Paus Benedictus XVI - 20 juni 2012
Blijven wij dan even staan bij dit plechtige en diepe gebed. “Gezegend is God, de Vader van onze Heer Jezus Christus” (Ef. 1, 3). De heilige Paulus gebruikt het werkwoord “euloghein”, dat over het algemeen de vertaling is van het hebreeuwse woord “barak” : het betekent loven, verheerlijken, God de Vader danken, die de Bron is van de heilsgoederen, Degene “die ons in de hemelen in Christus heeft gezegend met elke geestelijke zegen”.

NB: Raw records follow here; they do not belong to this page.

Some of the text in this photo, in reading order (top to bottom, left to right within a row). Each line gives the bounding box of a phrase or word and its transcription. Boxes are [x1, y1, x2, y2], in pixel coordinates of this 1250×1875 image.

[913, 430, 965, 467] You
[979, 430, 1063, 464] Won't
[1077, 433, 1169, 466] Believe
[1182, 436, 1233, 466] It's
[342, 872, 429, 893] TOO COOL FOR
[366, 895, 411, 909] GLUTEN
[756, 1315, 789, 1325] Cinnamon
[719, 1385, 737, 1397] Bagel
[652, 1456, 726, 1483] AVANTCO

De apostel dankt en looft, maar denkt ook na over de redenen die de mens tot deze lof, deze dankzegging aanzetten en hij duidt op de fundamentele elementen van Gods plan en de fasen ervan. Vooreerst moeten wij God de Vader zegenen omdat, schrijft de heilige Paulus, Hij “ons uitverkoren (heeft) voor de grondlegging der wereld, om heilig en vlekkeloos te zijn voor zijn aangezicht. In liefde heeft Hij ons voorbestemd” (Ef. 1, 4). Wat ons heilig en vlekkeloos maakt, is de liefde. God heeft ons tot het bestaan, tot heiligheid geroepen. En die keuze gaat zelfs vooraf aan de schepping van de wereld. Reeds voor de grondlegging der wereld maakten wij deel uit van Zijn plan, waren wij in Zijn gedachte. Met de profeet Jeremia kunnen wij zeggen dat Hij ons reeds kende voordat wij in de moederschoot gevormd werden Vgl. Jer. 1, 5 ; en ons kennende, hield Hij van ons. Roeping tot heiligheid, dat wil zeggen tot gemeenschap met God, behoort tot het eeuwig plan van deze God, een plan dat zich uitstrekt over de geschiedenis en dat alle mannen en vrouwen van de wereld omvat, omdat heiligheid een universele roeping is. God sluit niemand uit, Zijn plan is louter liefde. De heilige Johannes Chrysostomus zegt: “Hij heeft ons heilig gemaakt, maar men dient heilig te blijven. Heilig is wie deel heeft aan het geloof” H. Johannes Chrysostomos, Preken over de Brief aan de Efeziërs, In epistulam ad Ephesios. 1,1-4.